▶ **WHAT TO DO**
Please, could you print all the lines below exactly, leaving out the pictures?

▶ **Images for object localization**
=== Begin Enclosure ===
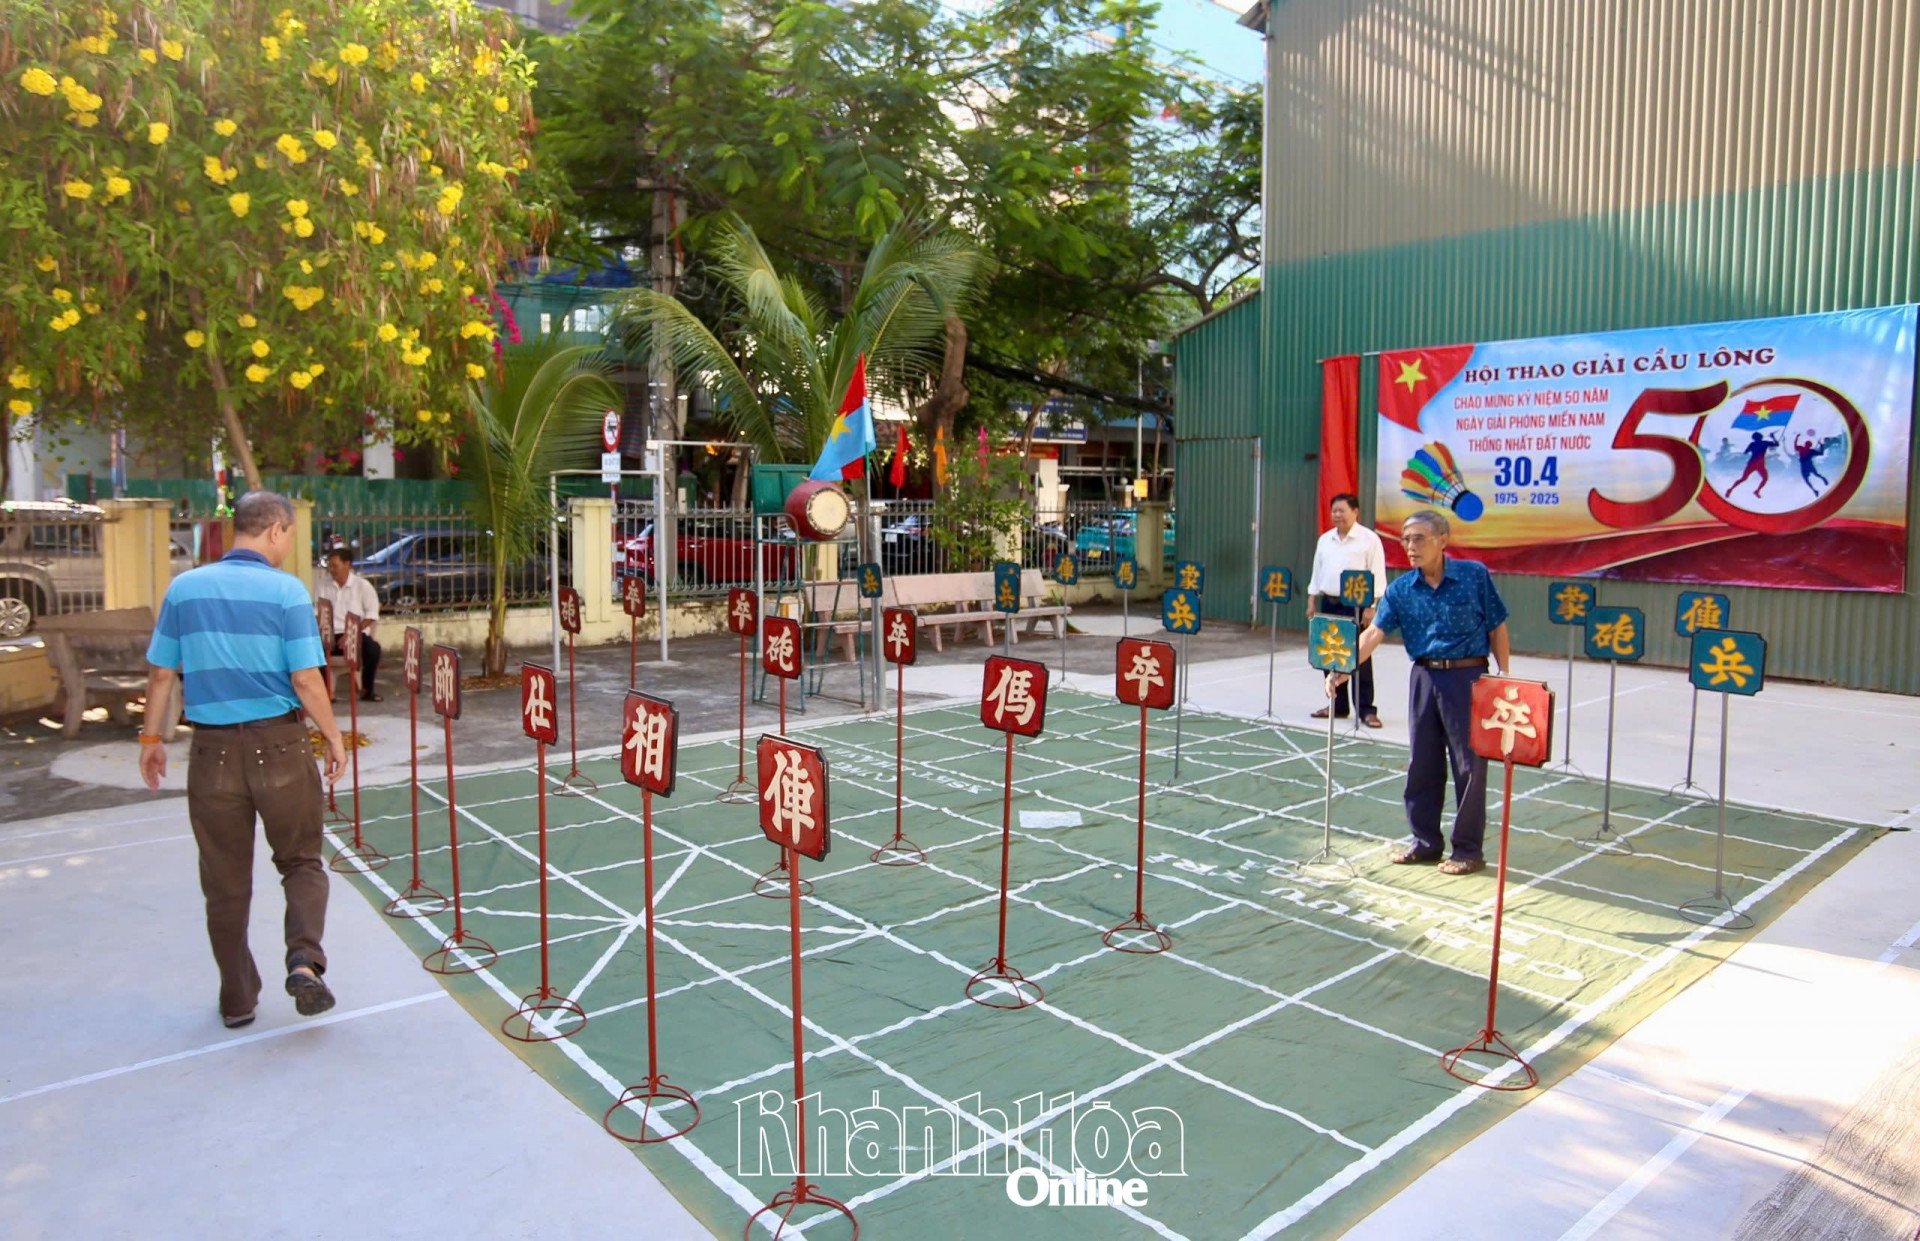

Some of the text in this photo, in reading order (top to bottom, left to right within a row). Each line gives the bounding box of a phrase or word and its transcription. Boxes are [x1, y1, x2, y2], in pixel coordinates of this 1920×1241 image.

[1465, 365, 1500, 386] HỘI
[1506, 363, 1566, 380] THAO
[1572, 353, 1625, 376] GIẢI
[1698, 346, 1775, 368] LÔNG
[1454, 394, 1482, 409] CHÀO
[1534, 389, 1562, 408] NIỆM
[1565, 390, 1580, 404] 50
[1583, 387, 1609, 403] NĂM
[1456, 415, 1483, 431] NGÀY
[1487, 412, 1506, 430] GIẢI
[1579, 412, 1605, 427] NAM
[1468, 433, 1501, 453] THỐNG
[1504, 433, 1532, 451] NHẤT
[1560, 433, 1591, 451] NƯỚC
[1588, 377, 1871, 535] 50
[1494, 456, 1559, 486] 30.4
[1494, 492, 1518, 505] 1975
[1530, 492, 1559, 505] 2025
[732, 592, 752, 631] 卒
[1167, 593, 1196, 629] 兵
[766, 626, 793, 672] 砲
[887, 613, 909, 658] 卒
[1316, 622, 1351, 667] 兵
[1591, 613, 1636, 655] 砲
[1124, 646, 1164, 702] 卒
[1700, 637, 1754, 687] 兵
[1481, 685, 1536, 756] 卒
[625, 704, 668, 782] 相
=== End Enclosure ===
▶ **RESULT OF THE TASK**
Some of the text in this photo, in reading order (top to bottom, left to right within a row). Each line gives the bounding box of a phrase or word and its transcription. Boxes are [x1, y1, x2, y2], in pixel coordinates of this 1920×1241 image.

[1465, 365, 1500, 386] HỘI
[1506, 363, 1566, 380] THAO
[1572, 353, 1625, 376] GIẢI
[1698, 346, 1775, 368] LÔNG
[1454, 394, 1482, 409] CHÀO
[1534, 389, 1562, 408] NIỆM
[1565, 390, 1580, 404] 50
[1583, 387, 1609, 403] NĂM
[1456, 415, 1483, 431] NGÀY
[1487, 412, 1506, 430] GIẢI
[1579, 412, 1605, 427] NAM
[1468, 433, 1501, 453] THỐNG
[1504, 433, 1532, 451] NHẤT
[1560, 433, 1591, 451] NƯỚC
[1588, 377, 1871, 535] 50
[1494, 456, 1559, 486] 30.4
[1494, 492, 1518, 505] 1975
[1530, 492, 1559, 505] 2025
[732, 592, 752, 631] 卒
[1167, 593, 1196, 629] 兵
[766, 626, 793, 672] 砲
[887, 613, 909, 658] 卒
[1316, 622, 1351, 667] 兵
[1591, 613, 1636, 655] 砲
[1124, 646, 1164, 702] 卒
[1700, 637, 1754, 687] 兵
[1481, 685, 1536, 756] 卒
[625, 704, 668, 782] 相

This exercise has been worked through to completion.